WORK REQUIRED:
Extract exactly and only the lines of the data below, starting at the line with "this 2048×1365 image." and stopping after the final line.

AVAILABLE DATA:
#####

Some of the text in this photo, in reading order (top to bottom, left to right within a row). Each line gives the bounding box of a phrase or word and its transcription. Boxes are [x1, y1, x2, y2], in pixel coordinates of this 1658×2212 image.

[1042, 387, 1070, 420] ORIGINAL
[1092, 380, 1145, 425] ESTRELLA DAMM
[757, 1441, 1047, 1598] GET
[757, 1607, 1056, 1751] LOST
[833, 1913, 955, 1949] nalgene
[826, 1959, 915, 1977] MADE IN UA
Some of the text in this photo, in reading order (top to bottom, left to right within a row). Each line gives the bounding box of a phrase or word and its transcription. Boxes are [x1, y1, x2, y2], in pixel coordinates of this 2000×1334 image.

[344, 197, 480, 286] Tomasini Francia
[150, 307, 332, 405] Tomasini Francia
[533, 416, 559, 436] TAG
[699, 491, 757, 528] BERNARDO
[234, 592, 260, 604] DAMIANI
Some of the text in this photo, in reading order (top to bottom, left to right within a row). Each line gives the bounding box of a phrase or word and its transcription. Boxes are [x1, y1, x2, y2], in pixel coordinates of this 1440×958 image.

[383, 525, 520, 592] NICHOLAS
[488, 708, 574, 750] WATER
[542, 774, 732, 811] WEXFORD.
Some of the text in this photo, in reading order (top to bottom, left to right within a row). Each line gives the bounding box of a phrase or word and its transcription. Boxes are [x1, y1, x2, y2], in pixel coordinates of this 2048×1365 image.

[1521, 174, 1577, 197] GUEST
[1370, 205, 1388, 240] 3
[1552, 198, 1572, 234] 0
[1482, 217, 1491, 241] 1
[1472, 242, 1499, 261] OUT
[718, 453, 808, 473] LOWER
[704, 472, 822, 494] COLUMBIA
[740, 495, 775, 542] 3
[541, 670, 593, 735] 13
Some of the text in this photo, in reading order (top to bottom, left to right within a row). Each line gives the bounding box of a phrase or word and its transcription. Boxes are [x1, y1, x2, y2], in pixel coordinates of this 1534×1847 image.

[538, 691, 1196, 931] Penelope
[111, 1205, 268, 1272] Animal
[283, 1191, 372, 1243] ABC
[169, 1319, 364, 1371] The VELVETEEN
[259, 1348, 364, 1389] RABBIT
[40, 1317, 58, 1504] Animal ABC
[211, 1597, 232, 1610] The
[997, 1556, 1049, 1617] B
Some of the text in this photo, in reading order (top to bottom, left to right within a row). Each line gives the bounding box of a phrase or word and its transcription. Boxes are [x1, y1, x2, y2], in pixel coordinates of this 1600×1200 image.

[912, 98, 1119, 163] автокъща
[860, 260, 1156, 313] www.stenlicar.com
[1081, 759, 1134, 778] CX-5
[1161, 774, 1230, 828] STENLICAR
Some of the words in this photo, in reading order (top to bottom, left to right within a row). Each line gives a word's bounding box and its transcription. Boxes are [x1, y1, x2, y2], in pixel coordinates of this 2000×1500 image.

#####

RESPONSE AREA:
Some of the text in this photo, in reading order (top to bottom, left to right within a row). Each line gives the bounding box of a phrase or word and its transcription. Boxes are [x1, y1, x2, y2], in pixel coordinates of this 2048×1365 image.

[1521, 174, 1577, 197] GUEST
[1370, 205, 1388, 240] 3
[1552, 198, 1572, 234] 0
[1482, 217, 1491, 241] 1
[1472, 242, 1499, 261] OUT
[718, 453, 808, 473] LOWER
[704, 472, 822, 494] COLUMBIA
[740, 495, 775, 542] 3
[541, 670, 593, 735] 13
Some of the text in this photo, in reading order (top to bottom, left to right within a row). Each line gives the bounding box of a phrase or word and its transcription. Boxes are [x1, y1, x2, y2], in pixel coordinates of this 1534×1847 image.

[538, 691, 1196, 931] Penelope
[111, 1205, 268, 1272] Animal
[283, 1191, 372, 1243] ABC
[169, 1319, 364, 1371] The VELVETEEN
[259, 1348, 364, 1389] RABBIT
[40, 1317, 58, 1504] Animal ABC
[211, 1597, 232, 1610] The
[997, 1556, 1049, 1617] B
Some of the text in this photo, in reading order (top to bottom, left to right within a row). Each line gives the bounding box of a phrase or word and its transcription. Boxes are [x1, y1, x2, y2], in pixel coordinates of this 1600×1200 image.

[912, 98, 1119, 163] автокъща
[860, 260, 1156, 313] www.stenlicar.com
[1081, 759, 1134, 778] CX-5
[1161, 774, 1230, 828] STENLICAR
Some of the words in this photo, in reading order (top to bottom, left to right within a row). Each line gives a word's bounding box and its transcription. Boxes are [x1, y1, x2, y2], in pixel coordinates of this 2000×1500 image.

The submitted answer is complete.